Несколько дней назад в стране, на территории которой я нахожусь, закрыли представительства СОБН и Интерпола. Мы, мол, плохо себя вели…
Доходили до нас слухи о странных делах, творящихся в районах, скупленных солидной английской фирмой «Ромерсон» для проведения «долгосрочных сельскохозяйственных экспериментов». Фирма держала все свои работы в глубокой тайне. Вот поэтому никому никогда не было хода в эти районы. В нашем обществе уважение к святому праву частной собственности — это вам не шутки… Уж не эксперименты ли по разведению в сельве опиумного мака и переработке его в героин вела там эта фирма? Тем паче, что бывший золотой треугольник, столько веков исправно служивший поставщикам наркотиков, мы все-таки с помощью правительств Бирмы и Лаоса скоро ликвидируем окончательно, и нашему противнику может потребоваться новая крупная опорная зона.
Под давлением все той же фирмы «Ромерсон» правительство этой страны приняло решение выступить на предстоящей сессии ООН с отказом от участия в жизненно важном для страны предприятии — прокладке новой межконтинентальной транспортной магистрали Север — Юг, которая должна была проходить через Канаду, США, Центральную и Южную Америку и оканчиваться на Огненной Земле. Она, конечно же, пересекла бы не только Трансамазонскую магистраль, но и зону, скупленную фирмой «Ромерсон».
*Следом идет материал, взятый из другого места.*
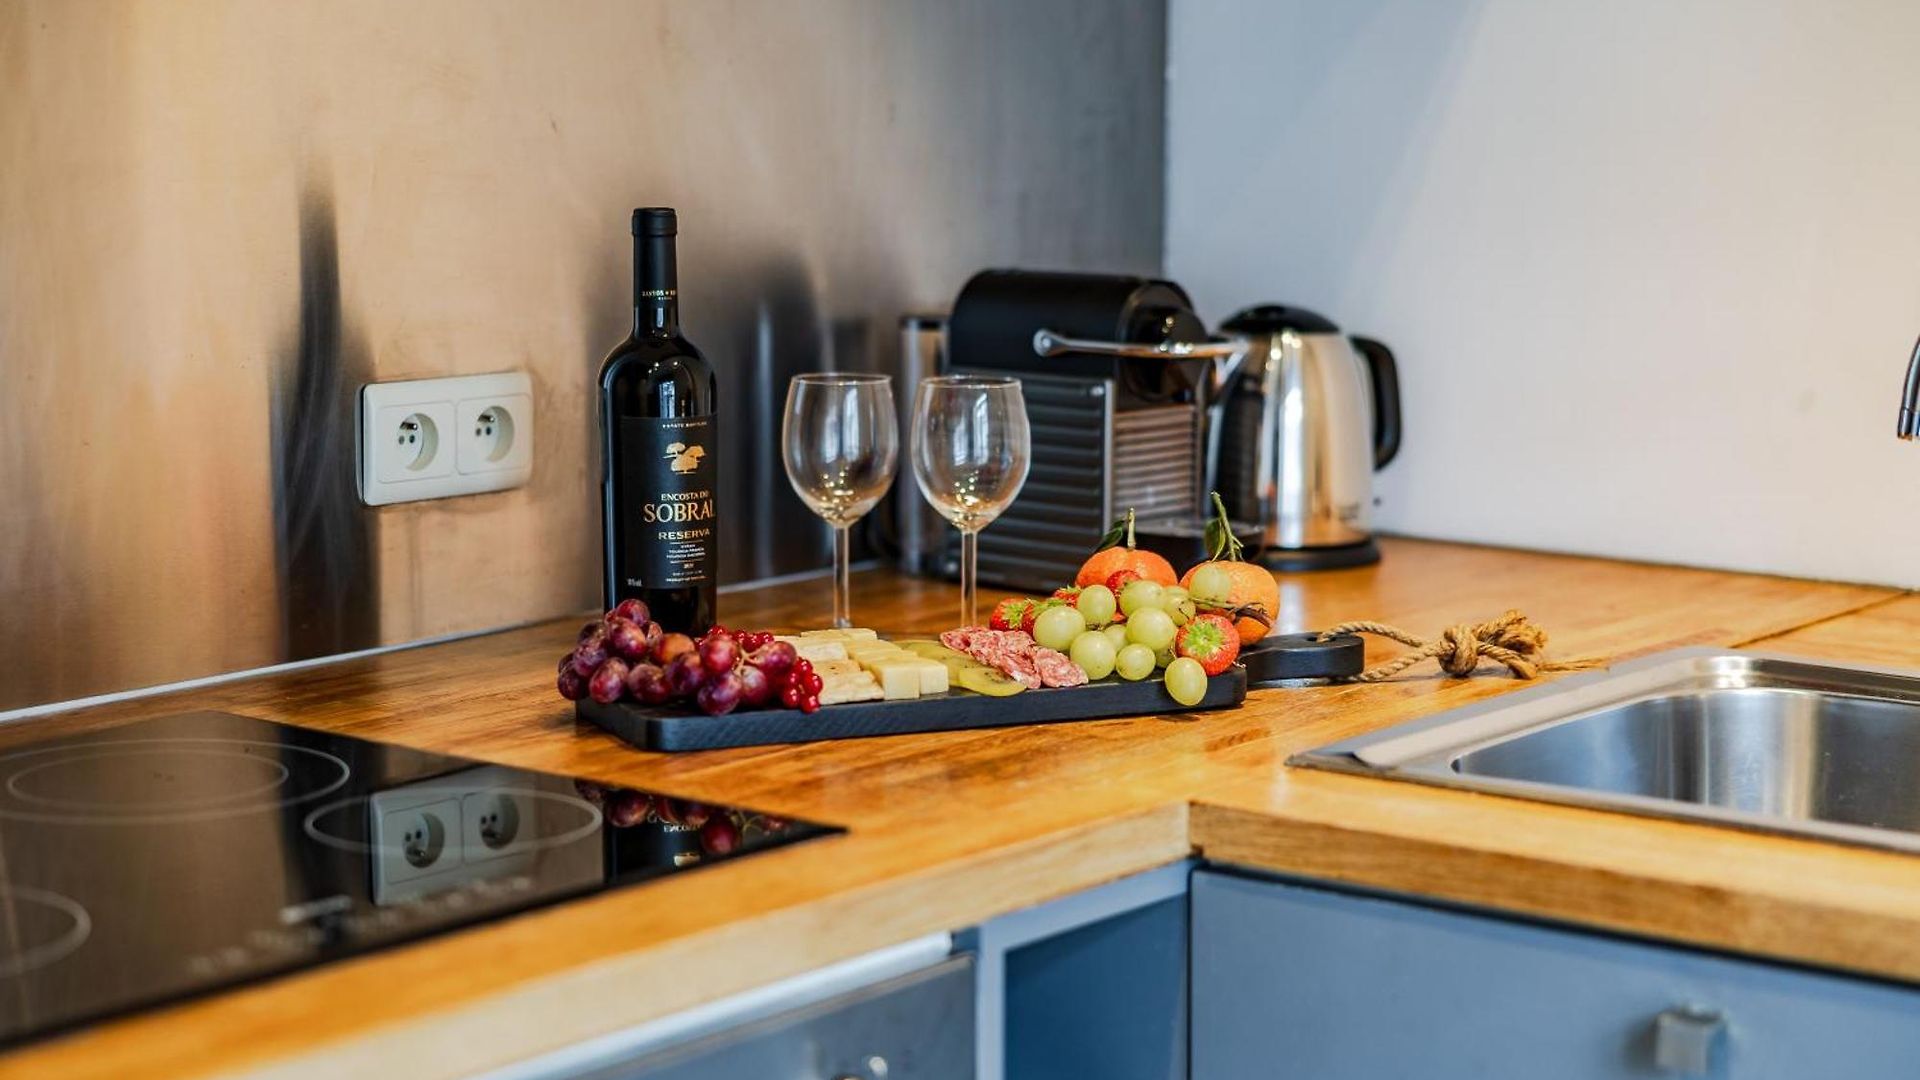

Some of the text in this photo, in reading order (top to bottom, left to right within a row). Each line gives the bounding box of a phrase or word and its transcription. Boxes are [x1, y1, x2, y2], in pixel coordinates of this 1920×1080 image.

[661, 492, 699, 501] ENCOSTA
[643, 499, 715, 523] SOBRAL
[658, 528, 710, 540] RESERVA
Правительство держало свое решение в тайне, чтобы не вызвать накануне предстоящих выборов волну возмущения в стране, но о нем узнал главный редактор ведущей политической газеты. Редактор был честный человек и не получал субсидий от фирмы «Ромерсон». Я говорю «был», потому что он решил выступить публично на страницах своего еженедельника с разоблачением правительства, попирающего национальные интересы страны в угоду иностранным дельцам. Редактора нашли мертвым, когда гасили пожар, вызванный взрывом мощном мины в его доме.
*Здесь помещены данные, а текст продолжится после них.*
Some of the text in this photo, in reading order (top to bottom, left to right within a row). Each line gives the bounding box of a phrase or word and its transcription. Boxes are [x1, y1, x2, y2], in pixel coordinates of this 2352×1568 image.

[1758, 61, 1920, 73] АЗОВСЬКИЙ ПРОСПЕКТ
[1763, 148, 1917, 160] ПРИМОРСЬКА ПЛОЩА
Джейк Питерс раскопал эту историю, но доказательств не имел. Зато он загорелся желанием наведаться в сельву и посмотреть, чем это так мешает фирме «Ромерсон» новая дорога и чем эта фирма вообще там занимается. Но после того, как местные власти закрыли здешнее бюро СОБН, ему, разумеется, пришлось выкатываться отсюда и ждать официального обсуждения протеста нашего руководства правительству этой страны на сессии Генеральной Ассамблеи.
Я же срочно вылетел сюда из Нью-Йорка «для ликвидации дел бюро»… Два дня спустя, выполнив все формальности, я сел во взятый напрокат элегантный электромобиль и на глазах наблюдавшей за мной полиции пересек границу с соседним государством. Еще через день, оторвавшись от пущенных кем-то за мной «хвостов», я пересек границу в обратном направлении и «растворился»…
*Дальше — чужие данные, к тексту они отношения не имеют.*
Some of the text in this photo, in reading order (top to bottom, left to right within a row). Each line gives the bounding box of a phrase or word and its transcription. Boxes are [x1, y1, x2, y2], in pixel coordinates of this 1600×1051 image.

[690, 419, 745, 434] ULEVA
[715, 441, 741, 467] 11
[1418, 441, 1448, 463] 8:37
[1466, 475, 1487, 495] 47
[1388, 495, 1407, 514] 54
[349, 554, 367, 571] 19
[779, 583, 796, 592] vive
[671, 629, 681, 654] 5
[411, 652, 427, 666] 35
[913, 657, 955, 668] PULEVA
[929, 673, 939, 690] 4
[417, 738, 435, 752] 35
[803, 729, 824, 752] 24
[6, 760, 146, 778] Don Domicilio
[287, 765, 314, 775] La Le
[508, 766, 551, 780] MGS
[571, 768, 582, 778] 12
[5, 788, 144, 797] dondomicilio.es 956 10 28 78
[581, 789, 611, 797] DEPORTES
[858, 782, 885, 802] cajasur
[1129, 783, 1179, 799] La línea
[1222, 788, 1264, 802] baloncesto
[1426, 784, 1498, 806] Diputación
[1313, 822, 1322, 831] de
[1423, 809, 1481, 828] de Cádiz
Скандал, конечно: старший инспектор СОБН находится нелегально в стране, нарушая закон и международное право. Это только «пушерам» можно, а нам такого нельзя. Если меня поймают — СОБН скомпрометирован. Ну что же, я знал, на что шел. Американец я, в конце концов, или нет?
Отвечаю — американец. А какой уважающий себя американец побоится проявить свою вольную индивидуальность, не пойдет на приключение один? Нет, действовать в одиночку для моих предков было куда привычнее, чем работать в рамках какого-то аппарата. Проповедь гнилого индивидуализма, заявил бы на это мой уважаемый русский друг Сергей Карпов.
«Эх, — подумал я, вставая со сломанного ствола дерева, — Серега, в настоящий момент мне одинаково начхать и на индивидуализм и на коллективизм. Мне просто, увы, одиноко и грустно и очень хочется поскорее отсюда выбраться».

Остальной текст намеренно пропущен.